Clinker substitution through cement blending to reduce carbon emissions

Argos Rio Claro, Colombia, owned and operated by its parent company Cementos Argos, wanted to achieve a higher clinker substitution rate for its Portland cement, by blending alternative cementitious materials. This substitution would help to advance the company’s sustainability drive to achieve zero carbon emissions in concrete by 2050 or sooner. The resulting project involved construction of the world’s largest calcined clay kiln in operation to date, with a capacity of 1500 tons/day.

An operation of this type would normally require a complex system to manage, measure and mix materials with the level of accuracy required, yet Argos Rio Claro was able to manage its process updates with a compact system that simplified the process steps without sacrificing accuracy or efficiency.
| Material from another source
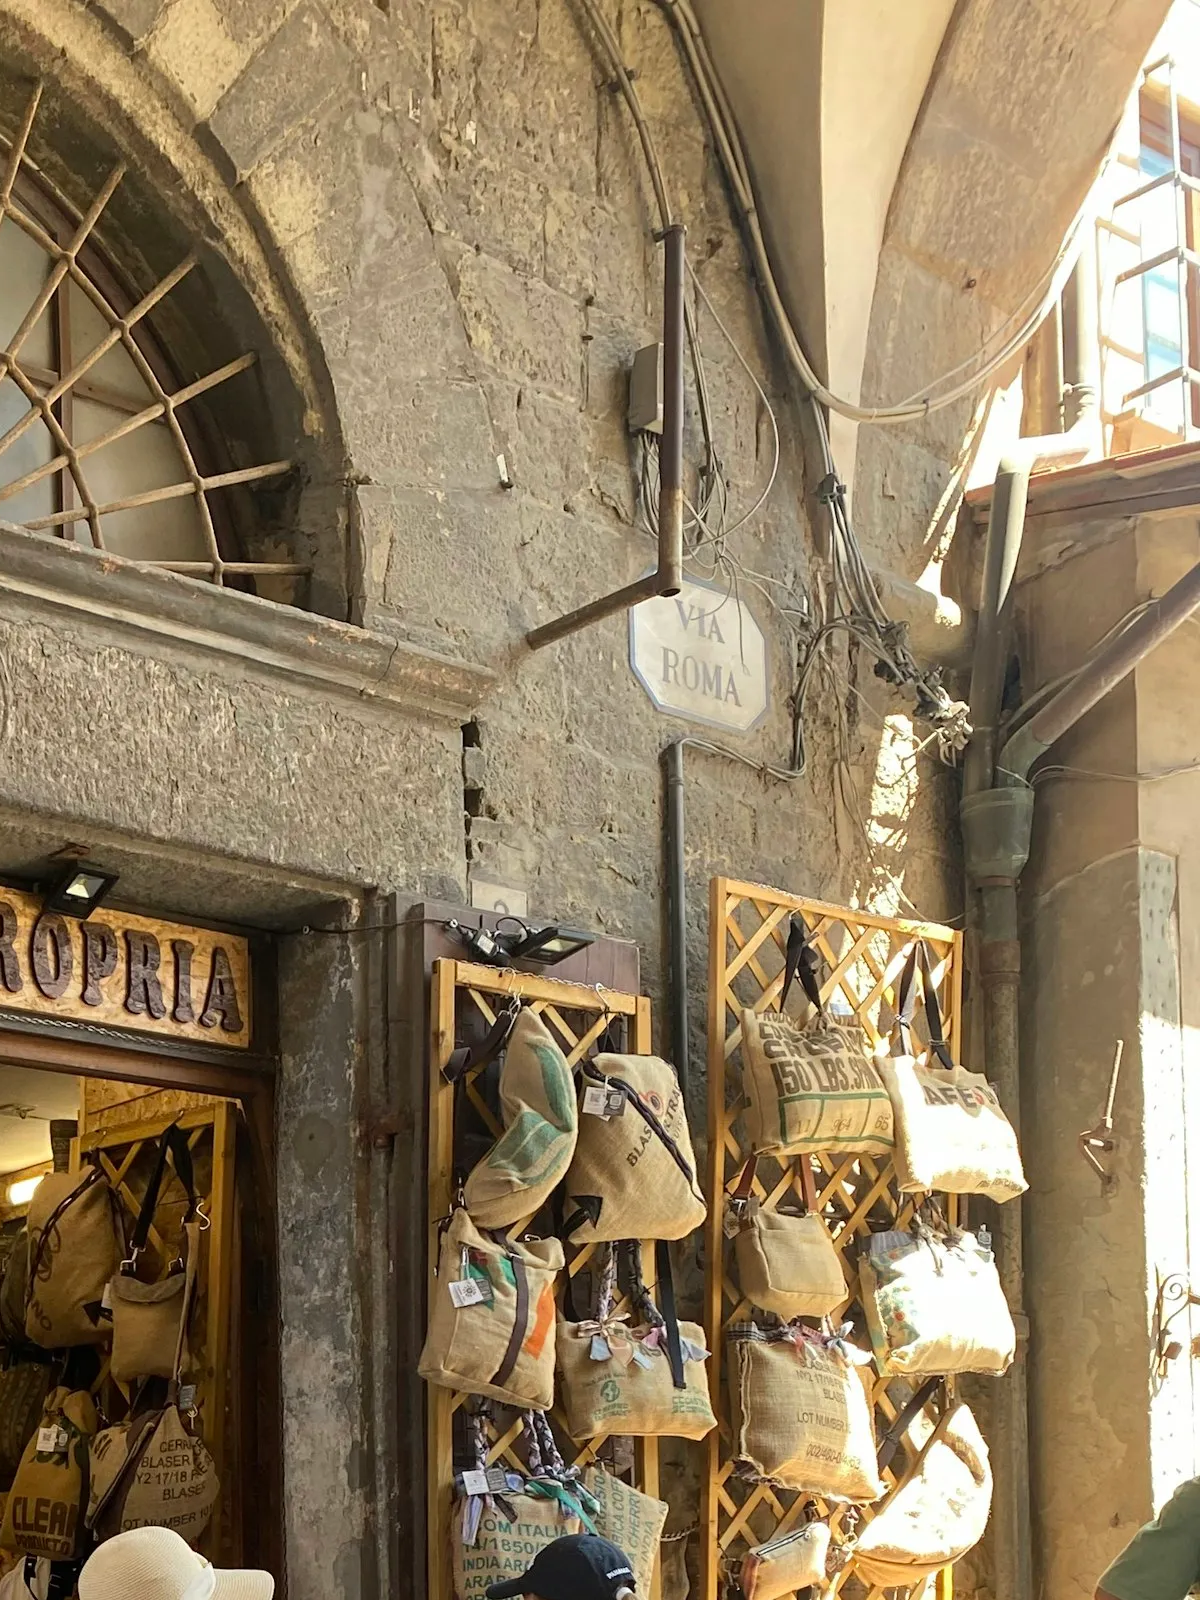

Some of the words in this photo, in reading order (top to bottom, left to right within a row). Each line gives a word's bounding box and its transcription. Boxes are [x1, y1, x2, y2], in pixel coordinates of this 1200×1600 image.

Precise metering and blending for calcined

The challenges posed by calcined clays

The company selected a natural pozzolanic ingredient for its formulation, calcined clay, and installed a production line with a capacity of up to 0.45 million metric tons/year.
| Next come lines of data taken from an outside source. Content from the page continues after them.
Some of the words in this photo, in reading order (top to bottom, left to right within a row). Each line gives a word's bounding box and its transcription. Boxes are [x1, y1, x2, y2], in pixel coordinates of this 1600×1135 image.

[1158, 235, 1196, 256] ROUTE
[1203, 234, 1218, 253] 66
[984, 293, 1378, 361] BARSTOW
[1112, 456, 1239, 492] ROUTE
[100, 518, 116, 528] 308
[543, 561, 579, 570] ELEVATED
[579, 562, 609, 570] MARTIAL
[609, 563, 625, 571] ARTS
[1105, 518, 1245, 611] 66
The final product, a pozzolanic cement (PPC), is gentler on the environment, cutting CO2 emissions by 38%1 compared to traditional cement processing, and utilizing 30%1 less energy than ordinary Portland cement (OPC) production.

Mauricio Giraldo, Director of Combustible Alternatives for Argos Rio Claro said “that as a rule, the cement industry prefers “proven technologies” when going to the market. This new project, building such a large, calcined clay kiln, involved several unknowns. Schenck Process Food and Performance Materials’ expertise and experience led Argos to partner with them for the equipment necessary to make the transition”.

“Globally, several companies are working with calcined clays”, said Dr. Giraldo. “However, it presents a unique set of challenges, among them, the fact that the materials’ behavior is impossible to predict with 100% accuracy”.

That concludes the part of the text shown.